Simon John Donnelly (7 January 1891 – 7 December 1966) was a member of the Irish Republican Army and a founder member of both Córas na Poblachta and Clann na Poblachta.

==Biography==
Donnelly was born at 7 Aungier Street, Dublin, the son of Timothy Donnelly, a master plumber, and Mary Brennan. He was the sixth of eight surviving children. The 1911 Census lists him living with his family at 34 Wexford Street. Apprenticed as a plumber, he became involved in the Irish Volunteers. During the Easter Rising of 1916 he was the commander of C Company of Éamon de Valera's command in Boland's Mill.

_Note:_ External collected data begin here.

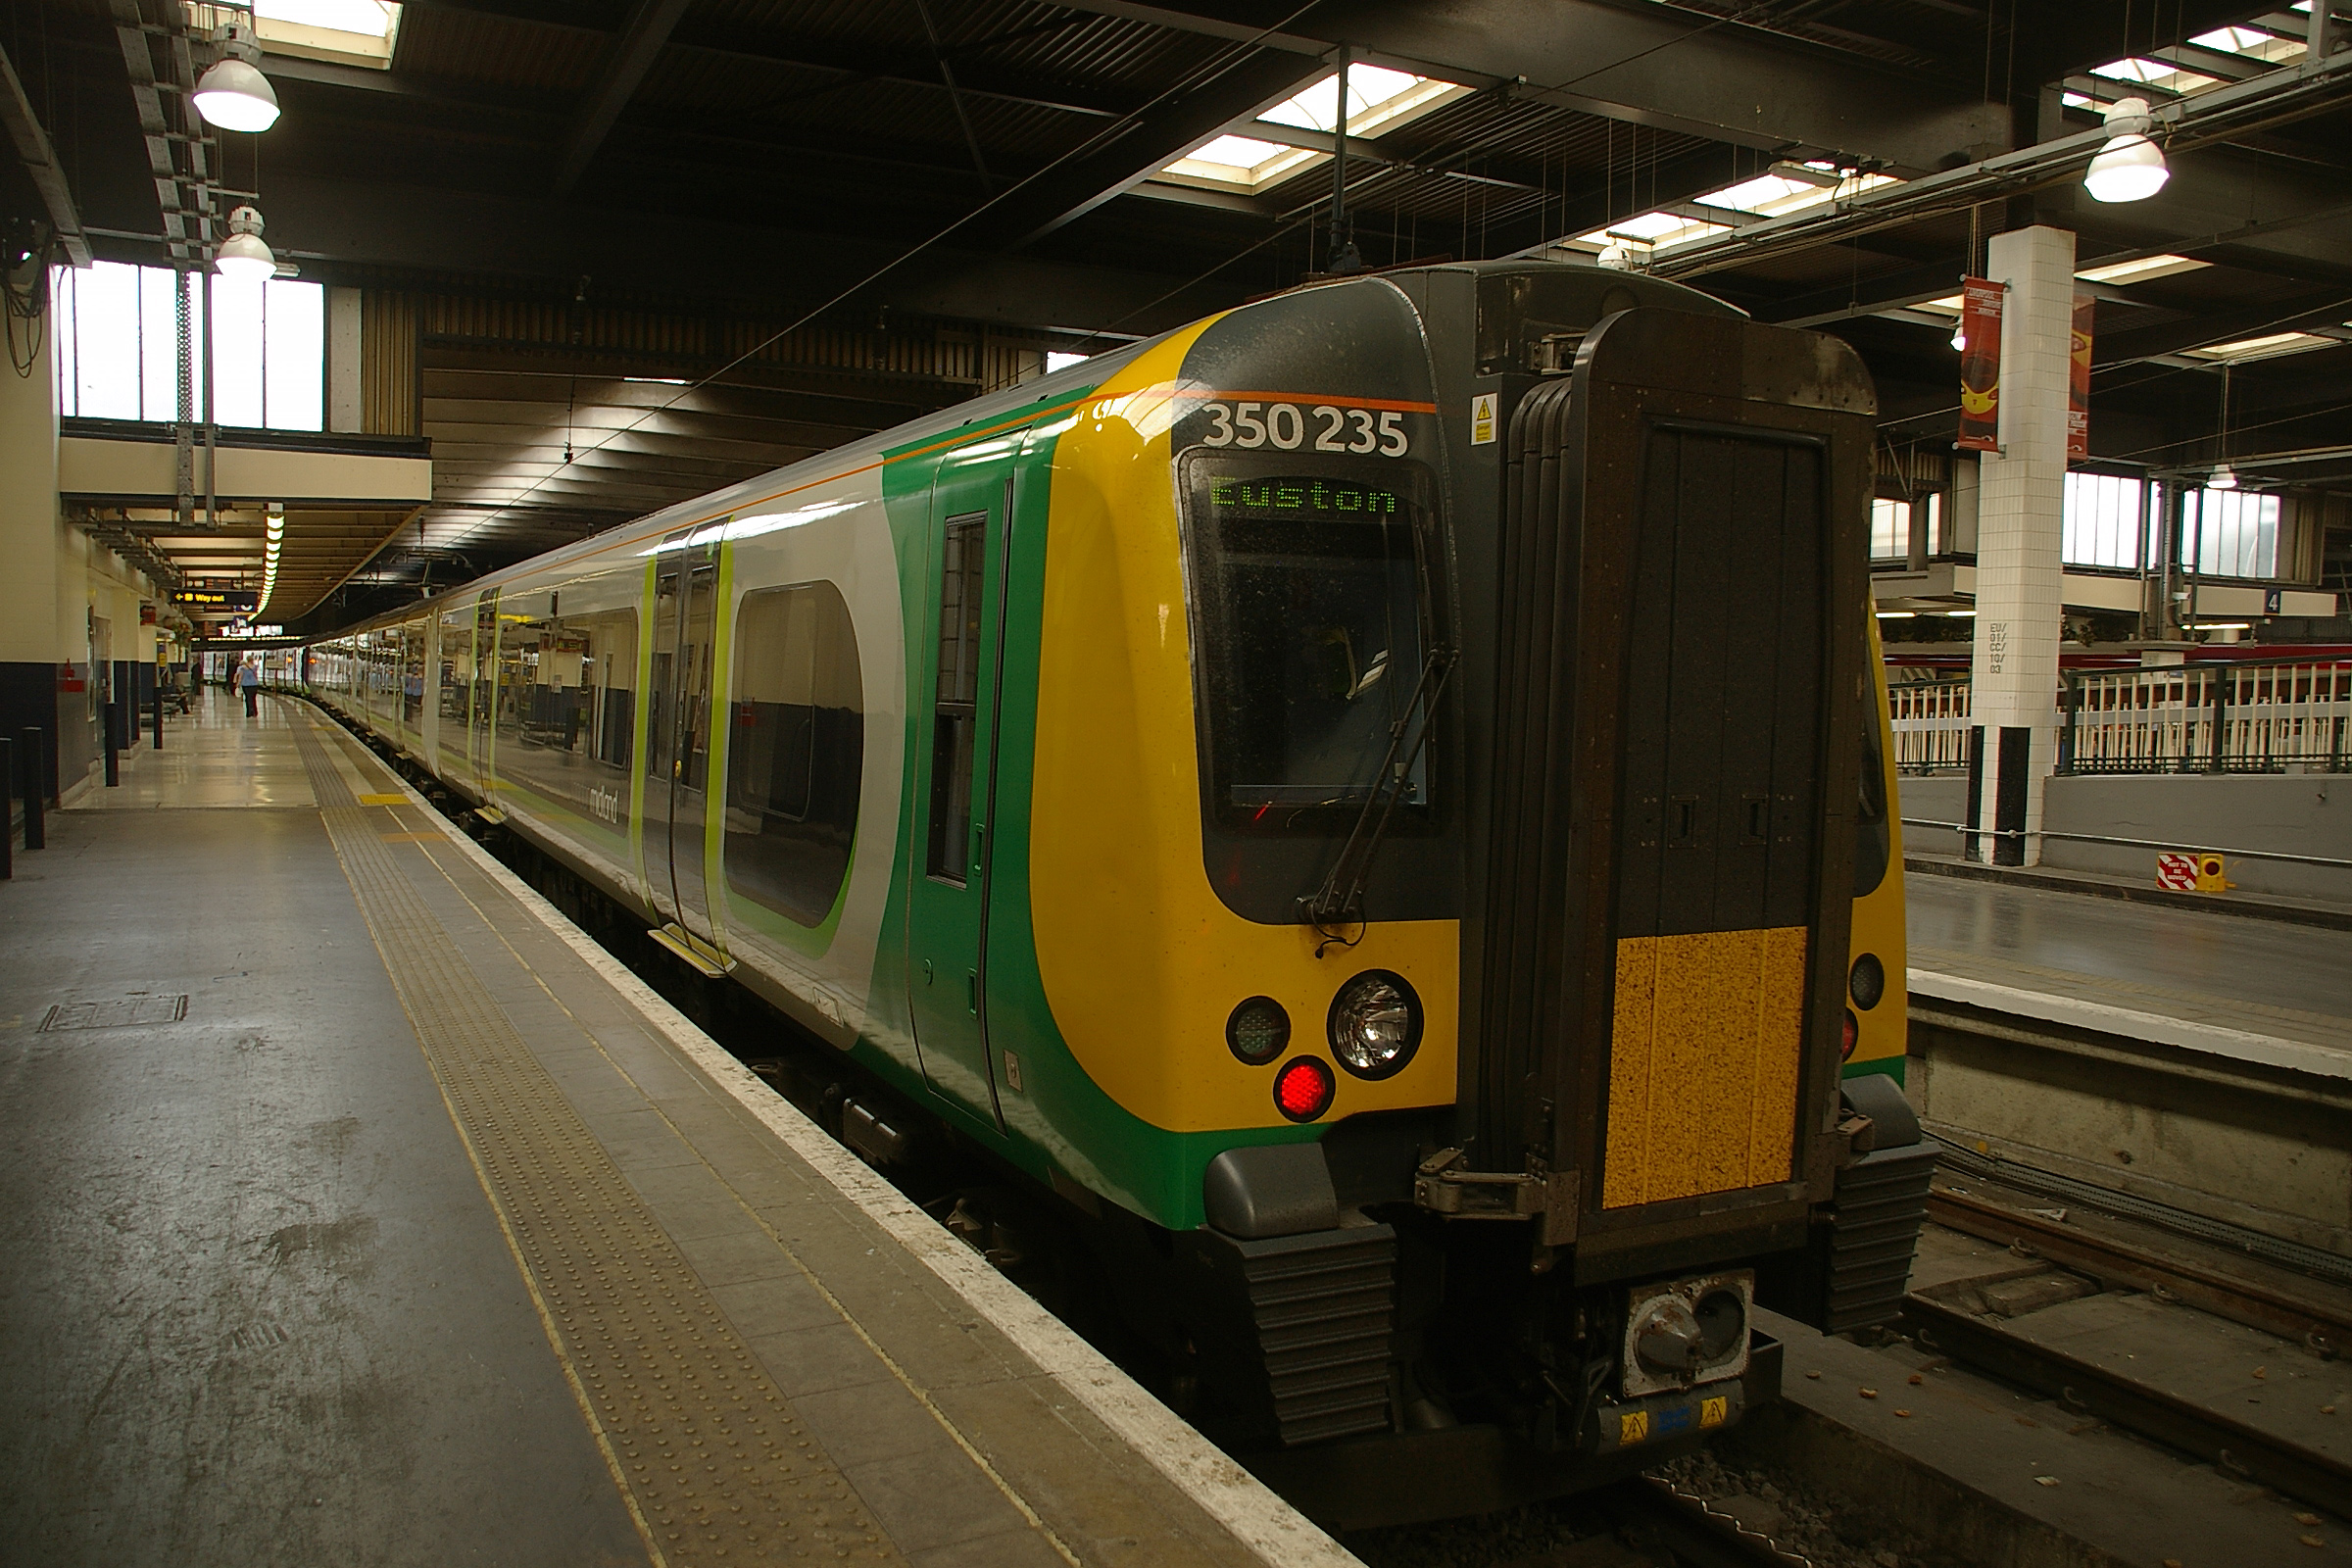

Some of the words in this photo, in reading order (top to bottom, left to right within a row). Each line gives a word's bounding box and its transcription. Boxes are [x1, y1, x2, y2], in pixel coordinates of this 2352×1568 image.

[1201, 403, 1304, 451] 350
[1311, 406, 1408, 458] 235
[1211, 476, 1396, 514] Euston
[195, 593, 212, 603] Way
[2268, 593, 2278, 611] 4
[1989, 622, 2007, 632] EU/
[1989, 643, 2007, 652] CC/
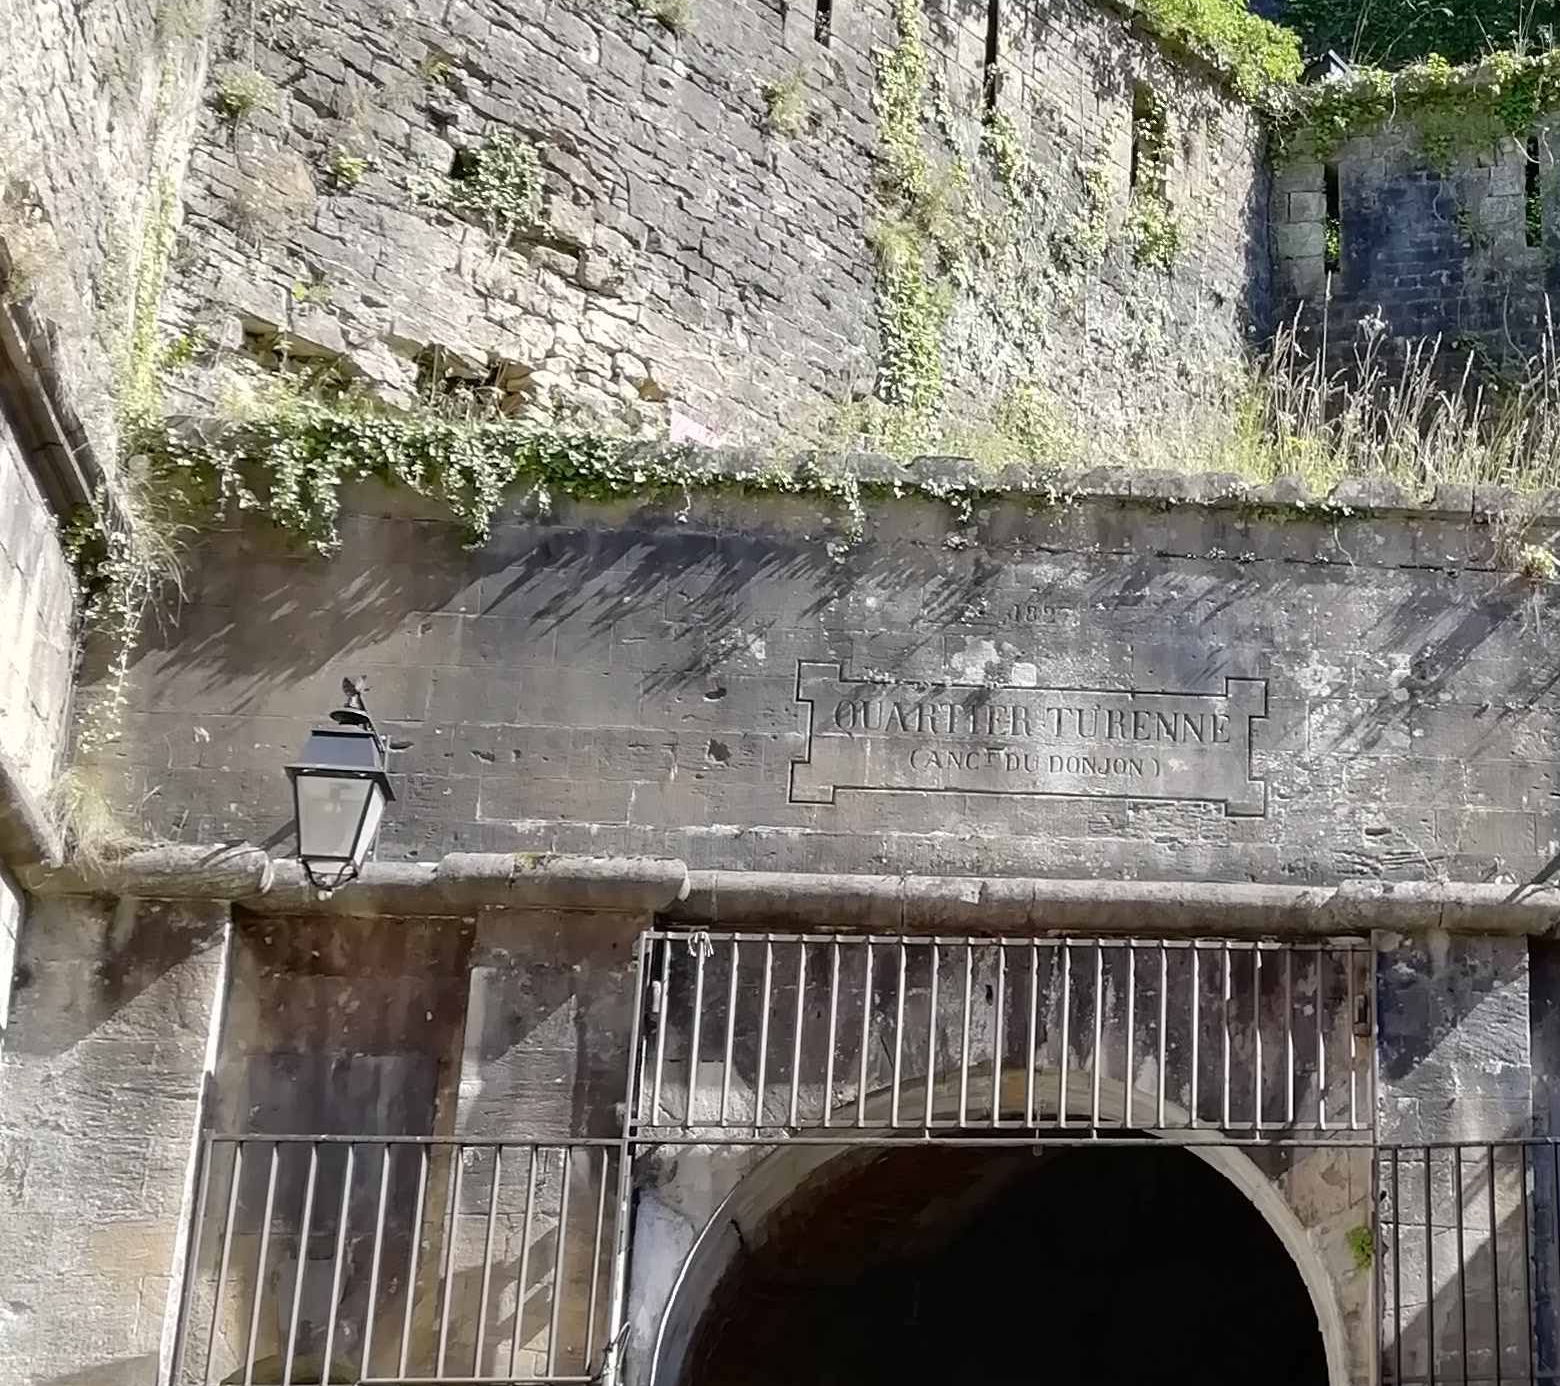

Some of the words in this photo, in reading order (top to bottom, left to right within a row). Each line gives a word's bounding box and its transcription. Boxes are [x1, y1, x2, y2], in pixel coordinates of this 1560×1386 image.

[834, 699, 1033, 737] QUARTIER
[1047, 706, 1231, 744] TURENNE
[1004, 751, 1039, 773] DU

He was Vice-Commandant of the 3rd Battalion of the Dublin Brigade of the IRA during the War of Independence. On 10 February 1921 he was arrested. Four days later he escaped from Kilmainham Gaol along with Ernie O'Malley and Frank Teeling. Returning to his command in the IRA, he was appointed chief of the Irish Republican Police in mid-1921 as part of an attempt to enforce law and order in those areas of the country where the Royal Irish Constabulary had been forced out.

Donnelly took the anti-Treaty side in the Civil War and took part in the Battle of Dublin.

He founded the National Association of the Old IRA in an attempt to mend some of the rifts in the Republican Movement. He was a member of the provisional National Executive of the Republican Prisoners' Release Association.

On 2 March 1940, he was one of the founders of Córas na Poblachta and served as its president. He became a founding member of Clann na Poblachta in 1946.

As one of the most senior surviving veterans of the Rising, he played a prominent role in the 50th anniversary commemorations in 1966. He died on 7 December 1966.